Over the next few sessions we will cover many of the basic recipes you need to:
* Quickly load some data
* Make some quick plots, and make them look good
* Calculate a few basic statistics and averages
* And save the data to a new file you can use elsewhere.

## Getting Started

Jupyter notebooks have two kinds of cells.  "Markdown" cells, like this one which can contain formatted text, and "Code" cells, which contain the code you will run.

To execute the code in a cell, you can either:
* click the **Play** icon on the left
* type **Cmd (or Ctrl) + Enter** to run the cell in place 
* or type **Shift + Enter** to run the cell and move the focus to the next cell.

You can try all these options on our first very elaborate piece of code in the next cell.

After you execute the cell, the result will automatically display underneath the cell.

In [0]:
2+2

In [0]:
print("Hello, world!")

In [0]:
# This is a comment

As we go through the notebooks, you can add your own comments or text blocks to save your notes.

In [0]:
# Your Turn: Create your own print() command here with your name
print()

**A note about print()**

* By default, a Colab/Jupyter notebook will print out the output from the last line, so you don't have to specify the `print()` command.  
* However, if we want to output the results from additional lines (as we do below), we need to use `print()` on each line.
* Sometimes, you can suppress the output from the last line by adding a semi-colon `;` at the end.

In [0]:
3
4
5

In [0]:
print(3)
print(4)
print(5)

## Some Basics
Let's review a few basic features of programming.  

First, it's great for math.  You can use addition (+), subtraction (-), multiplication (\*), division (/) and exponents (**).

In [0]:
# Your Turn: Try some math here
5*2

The order of operations is also important.

In [0]:
print(5 * 2 + 3)
print(5 * (2+3))
print((5 * 2) + 3)

## Variables

In [0]:
# We can eailsy assign variables, just like in other languages
x = 4
y = 2.5

In [0]:
# And we can use them in our formulas
print(x + y)
print(x/y)

In [0]:
# What kind of objects are these?
print(type(x))
print(type(y))

## Strings

In [0]:
# A string needs to be in quotes (single or double)
z = 'Python is great'
z

In [0]:
# You can't concatenate (add) strings and integers
print( z + x )

In [0]:
# But you can multiply them!
print( z * x )

In [0]:
# If you convert an integer into a string, you can then catenate them
print( z + ' ' + str(x) + ' you!' )

In [0]:
# A better way
print( 'Python is great %s you!' % x )

## Fun with Lists
Remember, Python uses 0-based indexes, so to grab the first element in a list you actually use "0".  The last element is n-1, or just "-1" for short. In Matlab this would be 1 to n, or 1:end.

In [0]:
my_list = [3, 4, 5, 9, 12, 13]

In [0]:
# The fist item
my_list[0]

In [0]:
# The last item
my_list[-1]

In [0]:
# Extract a subset
my_list[2:5]

In [0]:
# A subset from the end
my_list[-3:]

In [0]:
# Update a value
my_list[3] = 99
my_list

In [0]:
# Warning, Python variables are object references and not copies by default
my_second_list = my_list
print( my_second_list )

my_second_list[0] = 66

print( my_second_list )
print( my_list ) # The first list has been overwritten

In [0]:
# To avoid this, create a copy of the list, which keeps the original intact
my_list = [3, 4, 5, 9, 12]

my_second_list = list(my_list) # You can also use copy.copy() or my_list[:]

my_second_list[0] = 66

print( my_second_list )
print( my_list )

## Arrays
Note, a list is not an array by default.  But we can turn it into an array using the *NumPy* library.
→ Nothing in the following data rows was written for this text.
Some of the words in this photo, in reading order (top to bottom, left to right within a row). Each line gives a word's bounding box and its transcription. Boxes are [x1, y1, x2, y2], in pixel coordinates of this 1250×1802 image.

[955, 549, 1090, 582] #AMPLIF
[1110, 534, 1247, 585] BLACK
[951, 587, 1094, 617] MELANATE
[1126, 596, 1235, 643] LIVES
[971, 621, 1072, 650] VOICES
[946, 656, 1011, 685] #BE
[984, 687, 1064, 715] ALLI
NumPy is an essential library for working with scientific data. It provides an array object that is very similar to Matlab's array functionality, allowing you to perform mathematical calculations or run linear algebra routines.

In [0]:
my_list * x

In [0]:
import numpy as np

In [0]:
a = np.array(my_list)
a * x

Note, we won't be explicitly creating NumPy arrays much in this course.  But later on, when we load datasets using Pandas or Xarray, the actually arrays under the hood will be numpy arrays.

## Dictionaries
These are a great way to stored structured data of different types.  You'll often find metadata information inside dictionaries.

In [0]:
my_dict = {'temperature': 21, 'salinity':35, 'sensor':'CTD 23'}
my_dict

In [0]:
# Grab a list of dictionary keys
my_dict.keys()

In [0]:
# Accessing a key/value pair
my_dict['sensor']

## Functions, Conditions and Loops
If you're familiar with how to do these in Matlab or R, it's all very similar, just with a different syntax. 
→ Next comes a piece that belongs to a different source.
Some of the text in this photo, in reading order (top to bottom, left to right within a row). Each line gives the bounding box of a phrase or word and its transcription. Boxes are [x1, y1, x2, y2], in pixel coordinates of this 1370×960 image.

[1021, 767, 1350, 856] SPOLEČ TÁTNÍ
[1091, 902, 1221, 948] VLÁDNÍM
Remember, Python uses spaces to group together sub-elements, rather than parentheses, curly braces, or end statements. Traditionally, you can use 2 or 4 spaces to indent lines.

In [0]:
def times_two(num):
  return num * 2;

In [0]:
times_two(3)

In [0]:
def my_name(name='Sage'):
  return name;

In [0]:
my_name()

Here one quick example that demonstrates how to define a function, use a conditional, and iterate over a for loop all at once.

In [0]:
# A more complicated function
def my_func(number):
  print('Running my_func')
  if type(number)==int:
    for i in range(number):
      print(i)
  else:
    print("Not a number")


In [0]:
my_func('Test')

In [0]:
my_func(4)

## Fun with NDBC Data
Now that we've covered some basics, let's start having some fun with actual ocean data.

The [National Data Buoy Center (NDBC)](https://www.ndbc.noaa.gov) provides a great dataset to start with.  And for this example, we'll use my favorite buoy [Station 44025](https://www.ndbc.noaa.gov/station_page.php?station=44025).

![NDBC Mid-Atlantic Station Map](https://www.ndbc.noaa.gov/images/maps/NorthEast.gif)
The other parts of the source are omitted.